What you should do: In the records below, find the line containing "this 1344×1512 image.", then reproduce that line and every one after it to the end, exactly and alone.

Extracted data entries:
▶
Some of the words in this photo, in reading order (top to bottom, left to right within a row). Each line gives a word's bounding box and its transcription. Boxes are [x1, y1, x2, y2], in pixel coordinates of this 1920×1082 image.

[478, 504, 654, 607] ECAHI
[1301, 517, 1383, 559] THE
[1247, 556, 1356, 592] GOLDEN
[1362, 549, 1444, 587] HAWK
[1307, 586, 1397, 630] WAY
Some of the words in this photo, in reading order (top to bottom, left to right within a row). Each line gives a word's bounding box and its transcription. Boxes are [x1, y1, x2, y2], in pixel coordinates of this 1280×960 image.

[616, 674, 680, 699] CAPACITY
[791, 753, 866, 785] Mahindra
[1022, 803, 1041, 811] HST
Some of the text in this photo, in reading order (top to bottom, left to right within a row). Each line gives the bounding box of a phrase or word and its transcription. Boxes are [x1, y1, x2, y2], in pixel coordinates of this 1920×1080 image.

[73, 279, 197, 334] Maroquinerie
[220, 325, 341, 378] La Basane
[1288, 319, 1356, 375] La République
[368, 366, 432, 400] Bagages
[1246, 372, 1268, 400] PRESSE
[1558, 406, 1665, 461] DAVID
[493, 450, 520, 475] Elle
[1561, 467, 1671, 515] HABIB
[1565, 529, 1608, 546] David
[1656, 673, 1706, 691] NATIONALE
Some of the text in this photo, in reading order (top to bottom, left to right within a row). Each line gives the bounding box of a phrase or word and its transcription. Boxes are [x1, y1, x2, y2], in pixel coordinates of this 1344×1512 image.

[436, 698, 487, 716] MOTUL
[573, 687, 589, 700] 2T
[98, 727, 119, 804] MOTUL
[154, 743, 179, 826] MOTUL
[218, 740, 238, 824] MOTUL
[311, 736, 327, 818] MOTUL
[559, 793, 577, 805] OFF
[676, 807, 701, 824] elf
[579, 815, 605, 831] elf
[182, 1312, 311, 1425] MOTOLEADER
◀
Answer space:
Some of the text in this photo, in reading order (top to bottom, left to right within a row). Each line gives the bounding box of a phrase or word and its transcription. Boxes are [x1, y1, x2, y2], in pixel coordinates of this 1344×1512 image.

[436, 698, 487, 716] MOTUL
[573, 687, 589, 700] 2T
[98, 727, 119, 804] MOTUL
[154, 743, 179, 826] MOTUL
[218, 740, 238, 824] MOTUL
[311, 736, 327, 818] MOTUL
[559, 793, 577, 805] OFF
[676, 807, 701, 824] elf
[579, 815, 605, 831] elf
[182, 1312, 311, 1425] MOTOLEADER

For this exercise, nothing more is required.